Flexbox Fundamentals
Flexbox works on a single axis, either row or column. Set display flex on a container, then use justify-content for main axis alignment and align-items for cross axis alignment. Flex-grow, flex-shrink, and flex-basis control how items share space.
Common Flexbox Patterns
Navigation bars use flexbox with space-between for even distribution. Centering content both vertically and horizontally is simple with justify-content center and align-items center. Card rows use flex-wrap to create responsive layouts that automatically adjust the number of columns.
Grid Fundamentals
CSS Grid works on two axes simultaneously, making it ideal for page-level layouts. Define rows and columns with grid-template-columns and grid-template-rows. Use fr units for flexible sizing, and gap for consistent spacing between grid items.
Common Grid Patterns
The holy grail layout with header, footer, sidebar, and main content is straightforward with grid-template-areas. Magazine-style layouts with varying column and row spans use grid-column and grid-row. Dashboard layouts combine fixed and flexible columns for consistent navigation with adaptable content areas.

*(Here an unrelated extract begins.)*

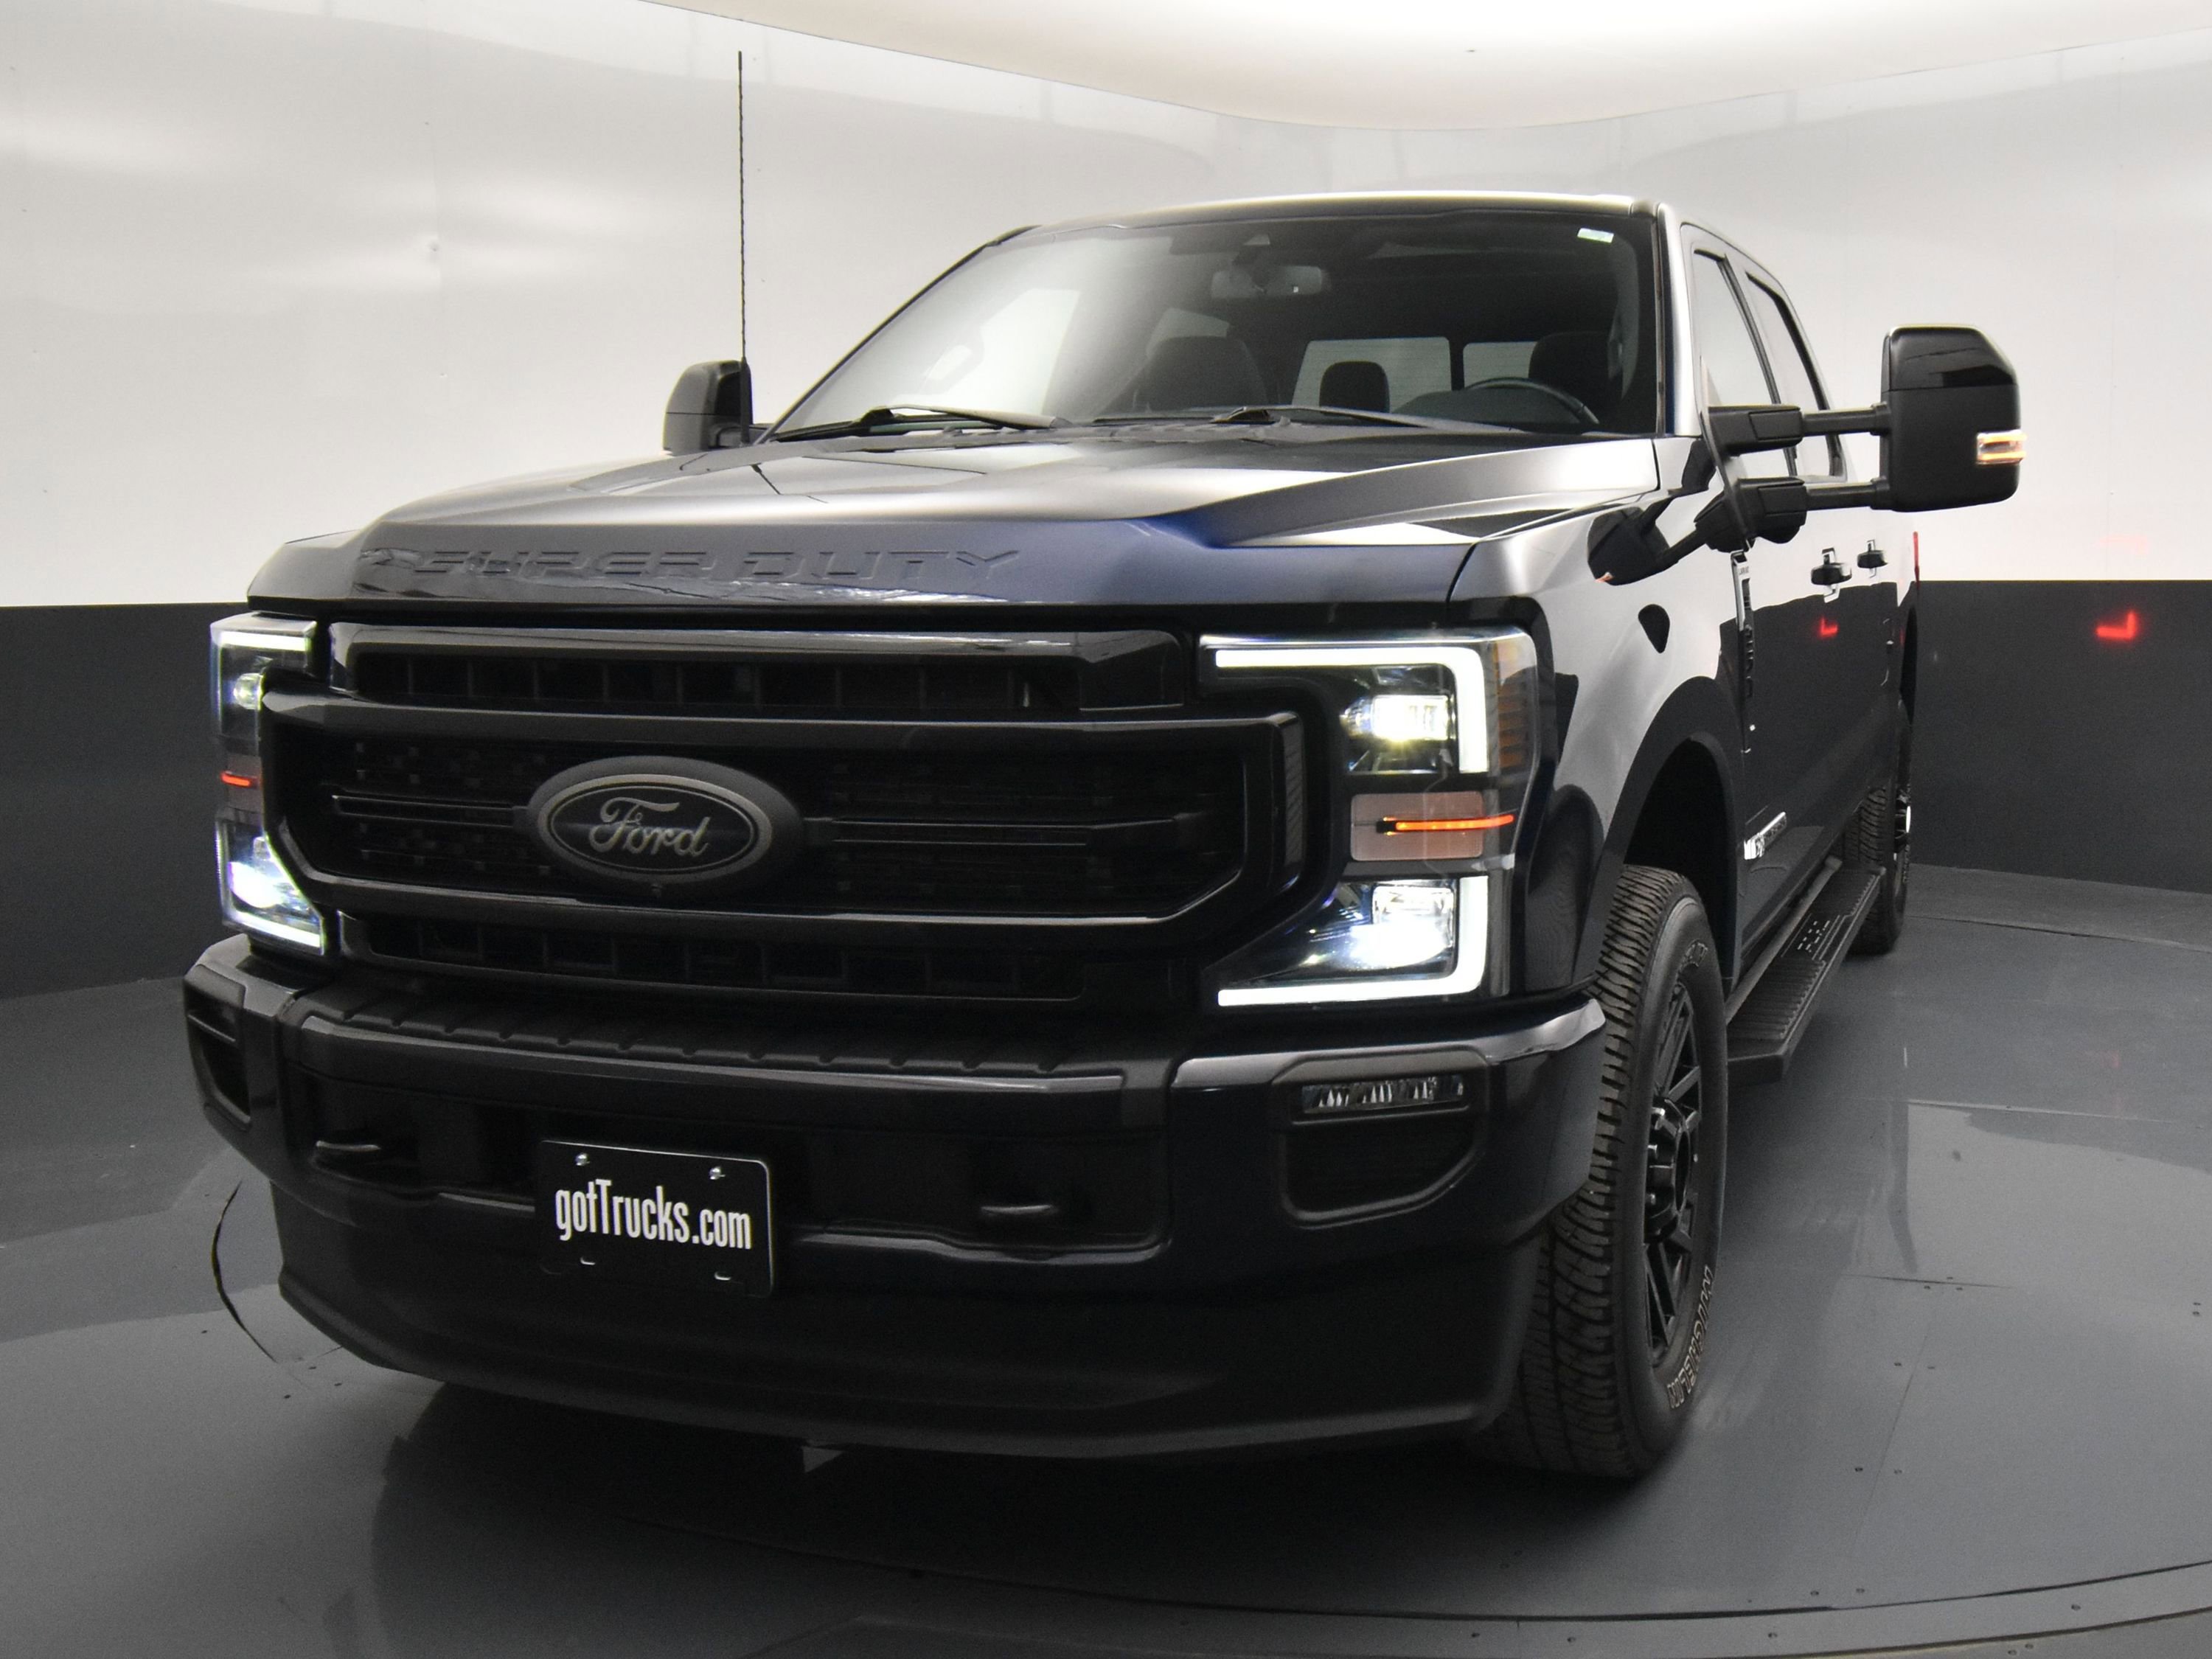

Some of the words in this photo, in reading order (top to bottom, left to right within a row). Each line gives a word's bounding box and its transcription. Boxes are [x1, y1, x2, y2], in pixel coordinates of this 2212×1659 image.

[740, 550, 1020, 580] DUTY
[590, 796, 711, 858] Ford
[555, 1178, 751, 1250] gotTrucks.com
[1666, 1264, 1714, 1409] MICHELIN

Combining Flexbox and Grid
Use Grid for the overall page layout and Flexbox for components within grid cells. Grid handles the macro structure while Flexbox manages micro layouts like navigation items, card content, and form elements. This combination covers virtually every layout need.
Responsive Techniques
Use media queries to change grid templates at different breakpoints. The auto-fill and auto-fit functions with minmax create responsive grids without media queries. Container queries let components respond to their own size rather than the viewport, enabling truly reusable layout components.